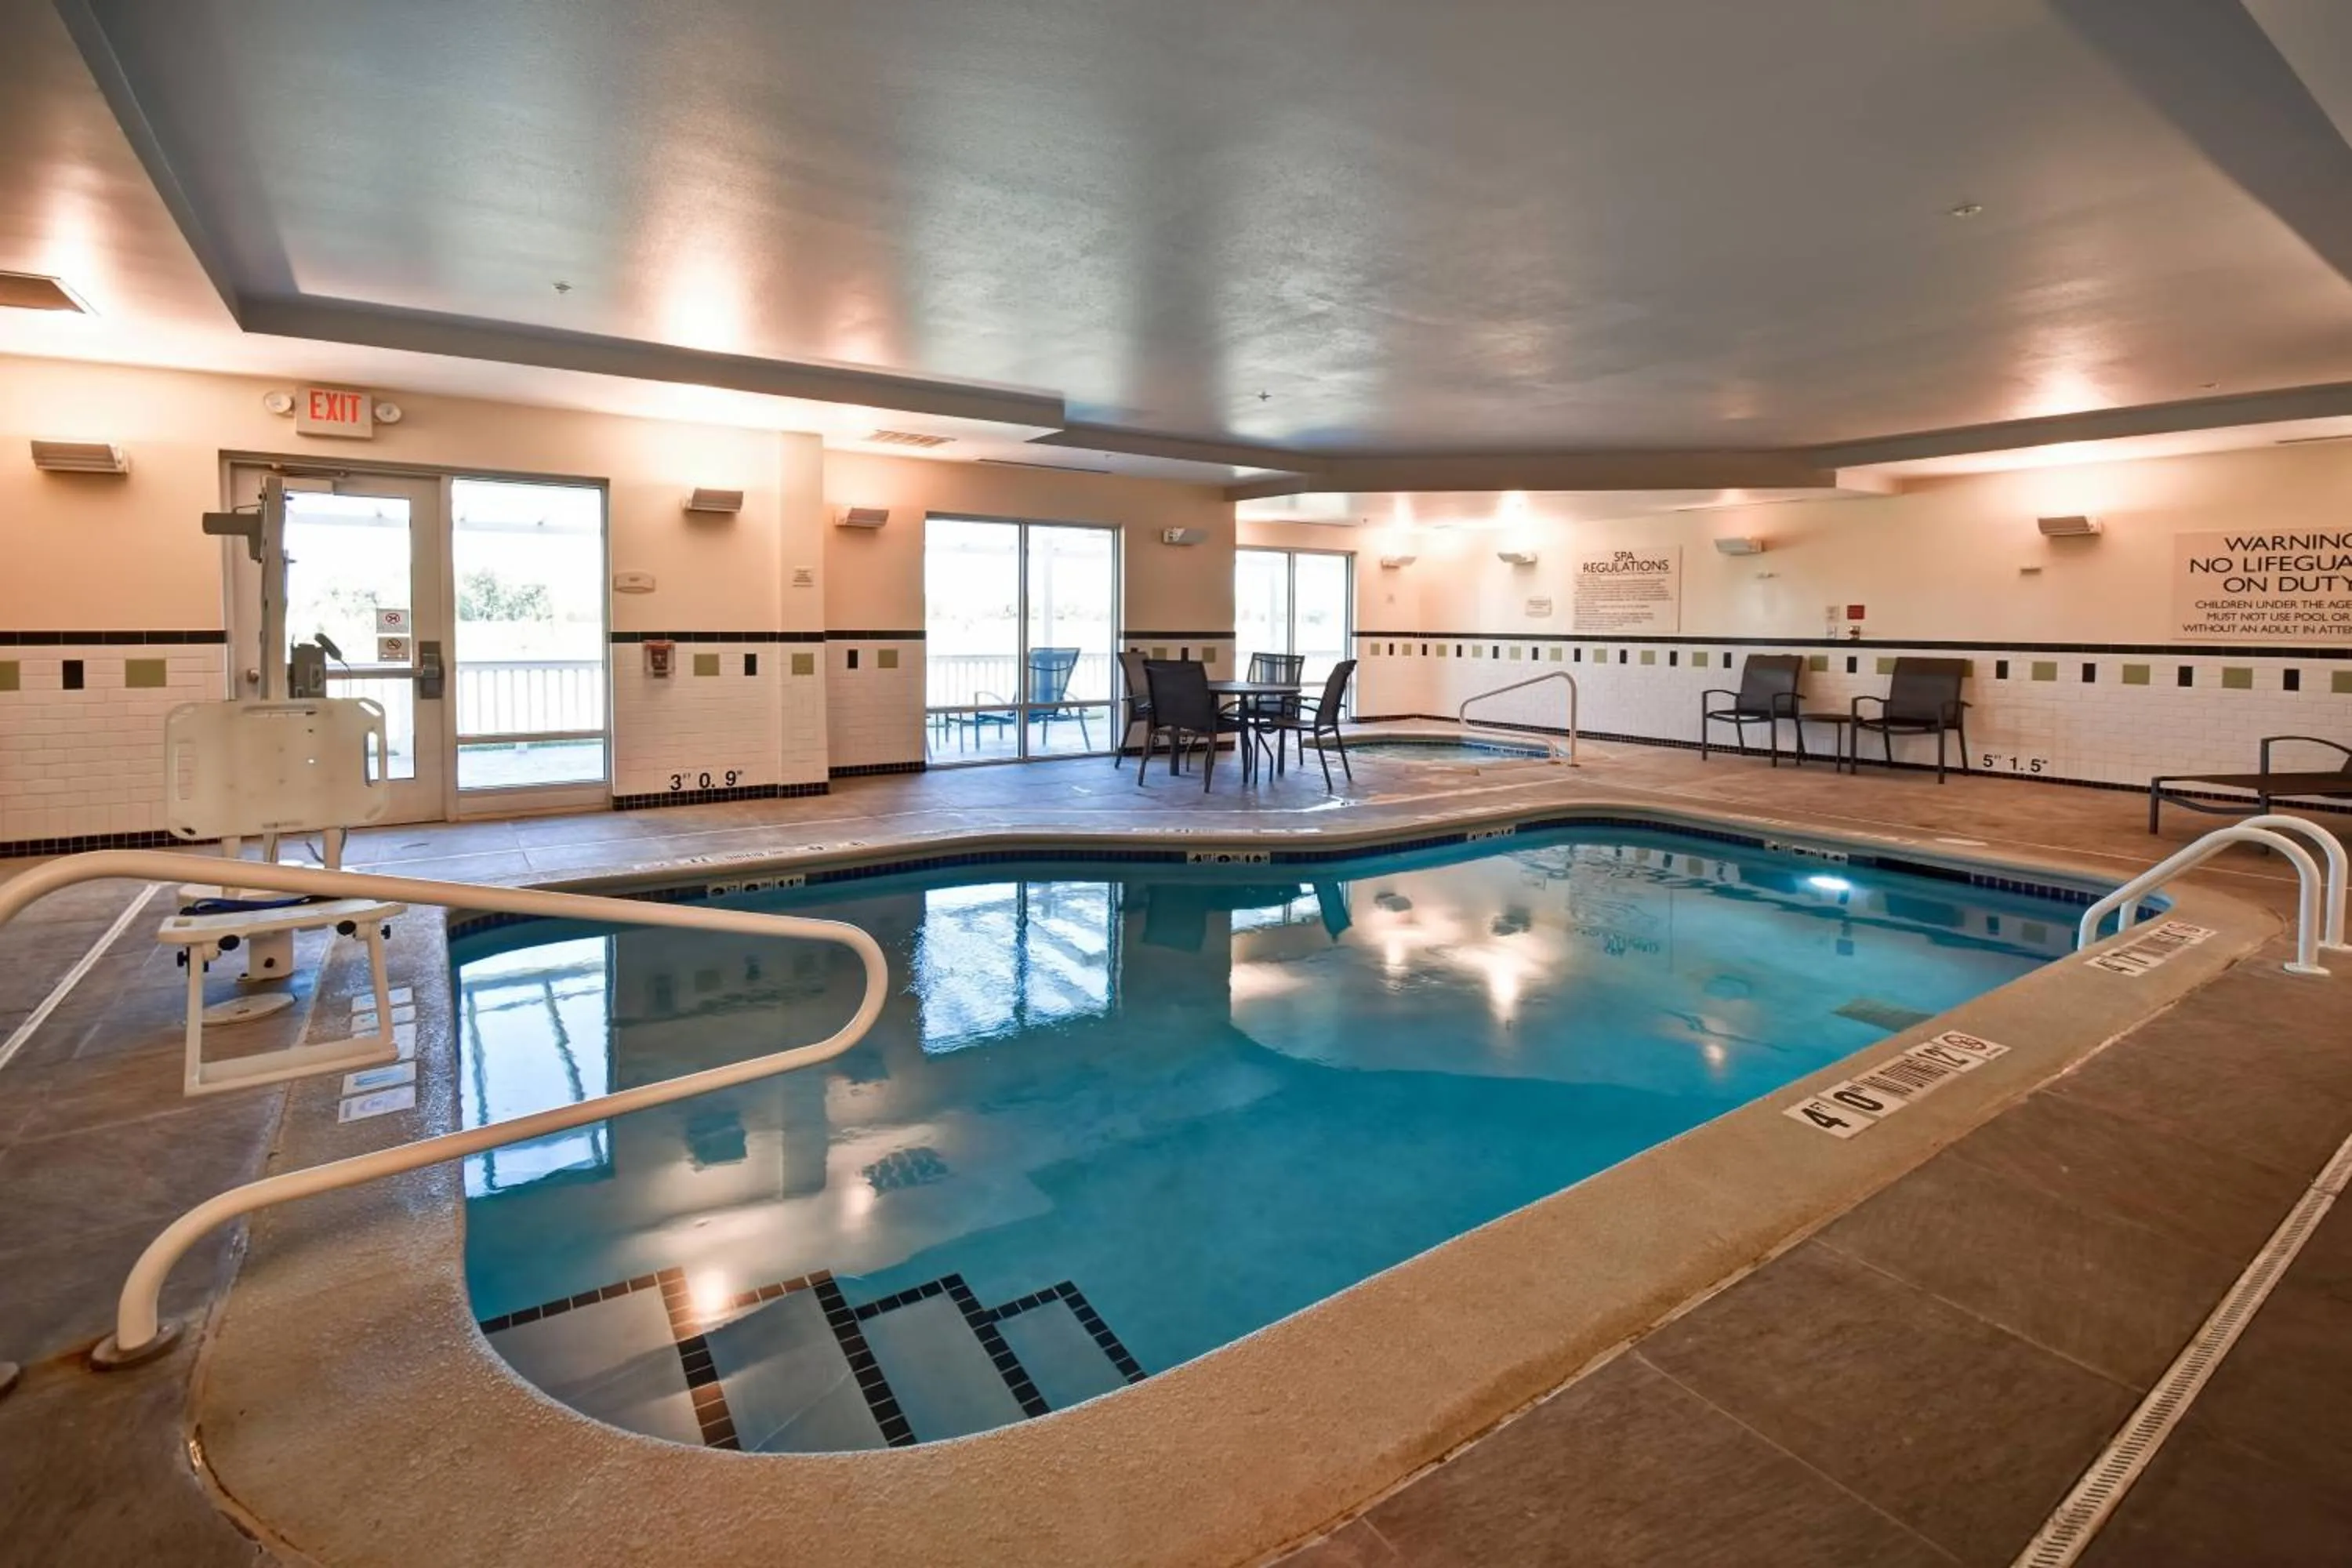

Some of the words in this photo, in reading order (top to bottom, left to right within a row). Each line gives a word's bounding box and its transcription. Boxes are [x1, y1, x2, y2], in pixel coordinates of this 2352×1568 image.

[310, 390, 361, 423] EXIT
[1614, 551, 1635, 562] SPA
[1582, 559, 1670, 573] REGULATIONS
[2190, 557, 2234, 573] NO
[2223, 576, 2267, 593] ON
[2195, 600, 2252, 609] CHILDREN
[2256, 600, 2297, 609] UNDER
[2301, 600, 2325, 609] THE
[2328, 600, 2352, 609] AGE
[2207, 612, 2237, 622] MUST
[2241, 612, 2267, 622] NOT
[2270, 612, 2291, 622] USE
[2294, 612, 2328, 622] POOL
[2331, 612, 2350, 622] OR
[2182, 622, 2238, 633] WITHOUT
[2240, 624, 2258, 633] AN
[2259, 625, 2298, 633] ADULT
[2303, 625, 2315, 634] IN
[2318, 624, 2352, 634] ATTE

Your goal
Each line above should be written out again unchanged; no images are to be carried over.

Answer for the task
Some of the words in this photo, in reading order (top to bottom, left to right within a row). Each line gives a word's bounding box and its transcription. Boxes are [x1, y1, x2, y2], in pixel coordinates of this 2352×1568 image.

[310, 390, 361, 423] EXIT
[1614, 551, 1635, 562] SPA
[1582, 559, 1670, 573] REGULATIONS
[2190, 557, 2234, 573] NO
[2223, 576, 2267, 593] ON
[2195, 600, 2252, 609] CHILDREN
[2256, 600, 2297, 609] UNDER
[2301, 600, 2325, 609] THE
[2328, 600, 2352, 609] AGE
[2207, 612, 2237, 622] MUST
[2241, 612, 2267, 622] NOT
[2270, 612, 2291, 622] USE
[2294, 612, 2328, 622] POOL
[2331, 612, 2350, 622] OR
[2182, 622, 2238, 633] WITHOUT
[2240, 624, 2258, 633] AN
[2259, 625, 2298, 633] ADULT
[2303, 625, 2315, 634] IN
[2318, 624, 2352, 634] ATTE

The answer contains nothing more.